考えてもみてください。高校まで、大学まで、私たちは「社会」のことなんてほとんど何も知らずに生きてきました。学校の授業で「〇〇業界のビジネスモデルについて」なんて真剣にやった記憶、ありますか?ほとんどないのではないでしょうか(専門の学部でしたら、ごめんなさい)。なのに、就活が始まった途端、「さあ、一生を捧げたい業界を選びなさい!」なんて、あまりにも無茶ぶりだと思いませんか?

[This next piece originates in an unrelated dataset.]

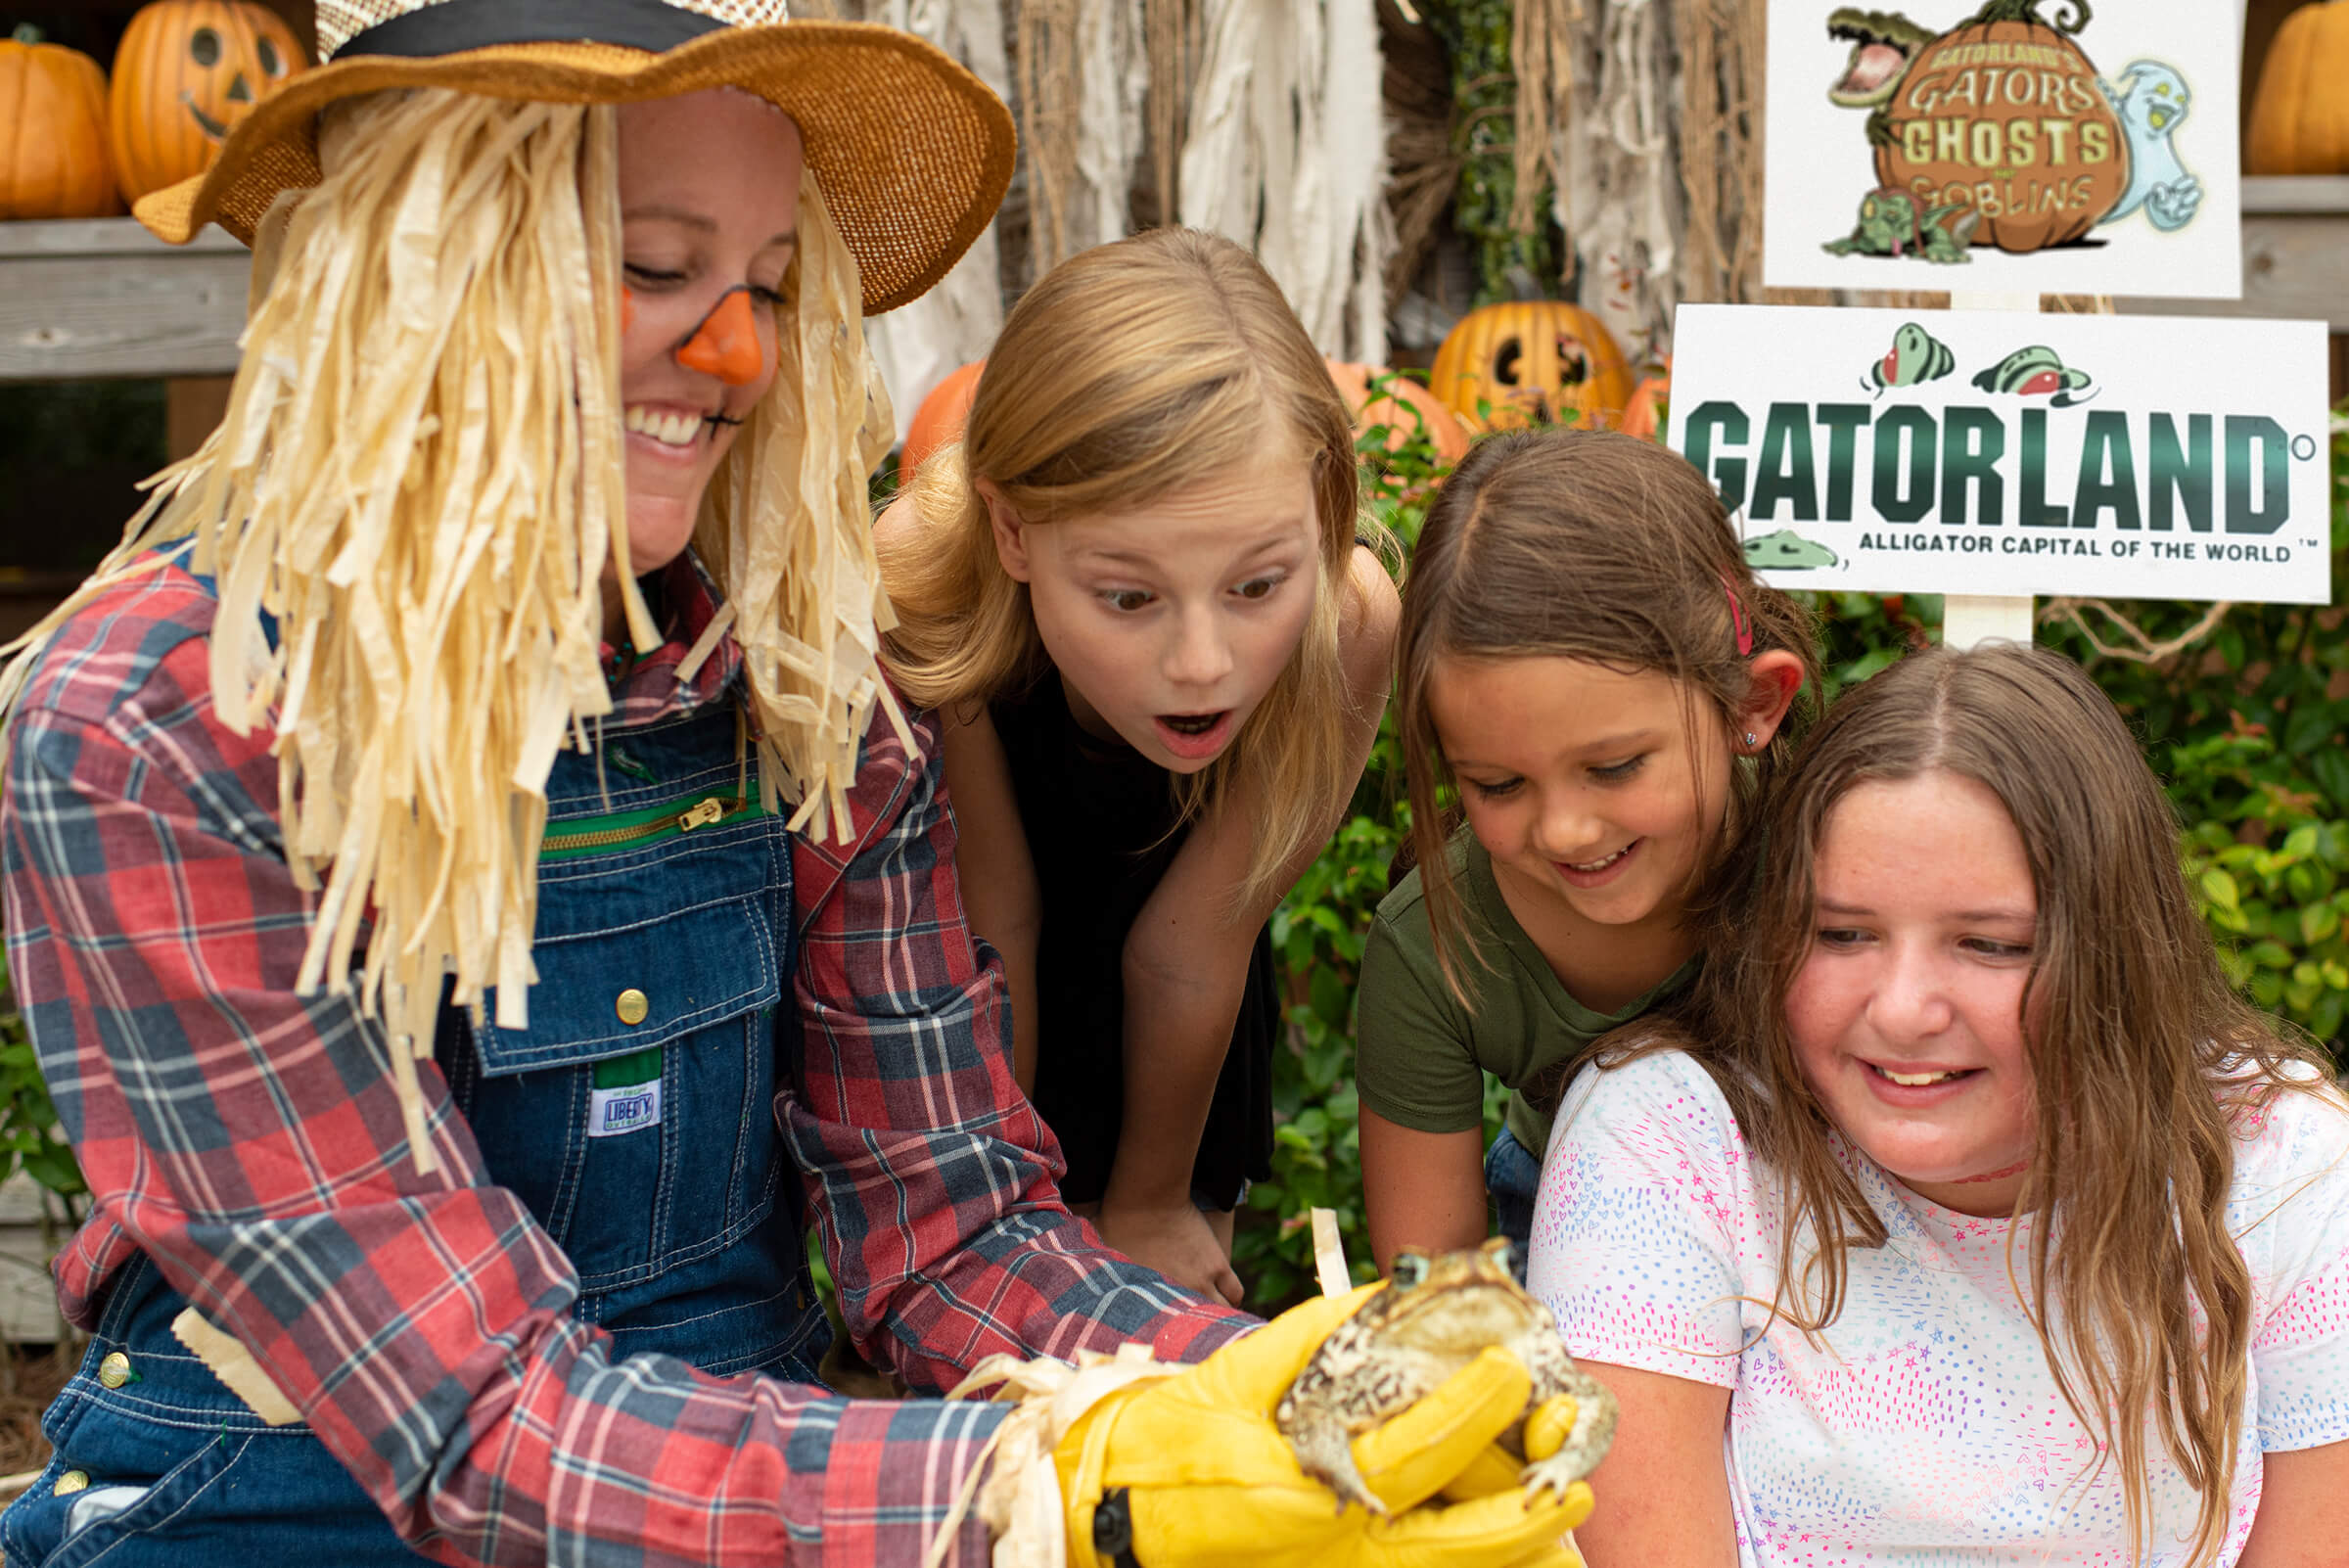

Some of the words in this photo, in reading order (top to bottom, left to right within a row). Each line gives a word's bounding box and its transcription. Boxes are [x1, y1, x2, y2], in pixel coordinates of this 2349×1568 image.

周りがスラスラと志望業界を語れるのは、彼らが特別優れているからではありません。もしかしたら、テレビドラマの影響だったり、親の勧めだったり、あるいは「なんとなくカッコよさそう」くらいの、フワッとした理由かもしれません。それ自体は悪くないのですが、あなたがそのフワッとしたものを持っていないからといって、劣っていることには全っっっ然ならないのです。大丈夫です。
まずは「業界」という呪縛から自分を解放しましょう
そもそも、私たちは「業界で選ぶ」という思考停止に陥りがちです。就活サイトを開けばデカデカと「業界から探す!」と書いてありますし、キャリアセンターに行けば分厚い業界地図を渡されます。まるで「まず業界を選ばねば、就活は始まらぬ」と言わんばかりのプレッシャーを感じますよね。
でも、ちょっと考えてみてほしいのです。「メーカー」と一言で言っても、ポテトチップスを作っている会社と、戦闘機のエンジンを作っている会社では、中身は天と地ほど違います。そうですよね?「IT業界」だって、企業の根幹システムを支えるゴリゴリのSIerもあれば、女子高生が使うカメラアプリを作っているベンチャーもあります。
「金融」と聞いて、メガバンクの堅いイメージしか湧かないかもしれませんが、地域の中小企業を必死で支える信用金庫の職員さんもいますし、PC画面に張り付いて兆単位のお金を動かすディーラーもいます。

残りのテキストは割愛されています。